Yesterday, on Independence Day, I didn’t spend a lot of time thinking deeply about the meaning of the holiday. Like most other Americans, I was too busy having fun!
In the aftermath, though, home alone while Michelle and Aly return to their work weeks early, I have a little leeway to think about independence, and what it means to us as a family.
In broad strokes and general terms, I’m satisfied that we live more independently than many, if not most, of our fellow Americans, and perhaps most of the denizens of western society as a whole.
I’m talking of off-the-grid living, of course.
We’re independent from the utility grids. We make our own electricity (see Off the Grid Electricity: The “Power” of Self Reliance). We collect our own water (see Fresh Water: Collecting and Conserving a Precious Resource). We provide the majority of our own fuel (see Heating With Wood). We grow, gather, fish, and hunt much of our food.
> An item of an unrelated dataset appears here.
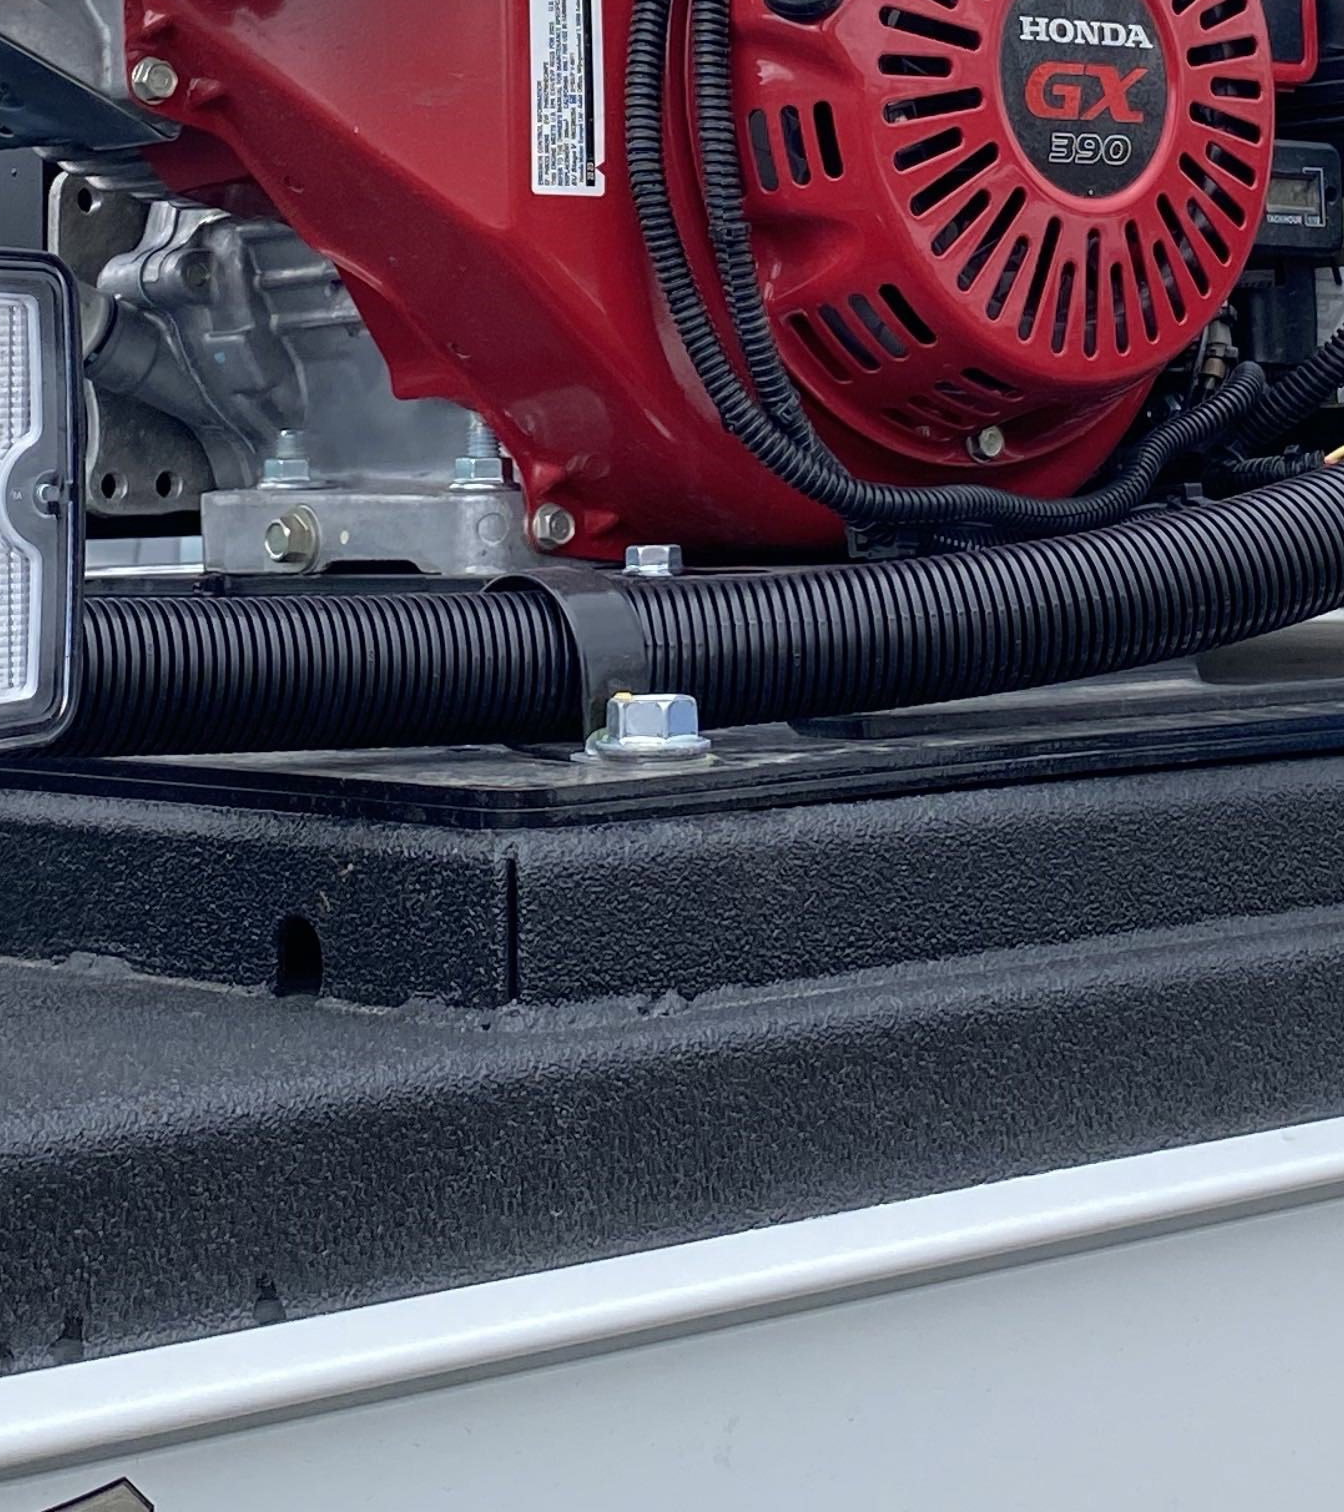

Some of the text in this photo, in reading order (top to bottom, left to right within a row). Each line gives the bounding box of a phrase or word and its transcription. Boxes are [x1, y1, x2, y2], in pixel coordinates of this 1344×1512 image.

Moreover, we’ve whittled down our expenditures, beyond paying for utilities, to a very low level, which makes us independent of the need to make large incomes. This may be our truest level of freedom. Yes, Michelle works outside the home, largely because she craves more social interaction than I do. Yes, we have taxes to pay, food and goods we can’t produce to purchase, and more, but those costs amount to far less than those paid by even impoverished Americans.
As a result, while we work physically harder than many people here on our property, we do so far more independently, on our own terms, free from supervision, scheduling, and external direction. That feels like independence to me, on the 4th of July, and every day of the year.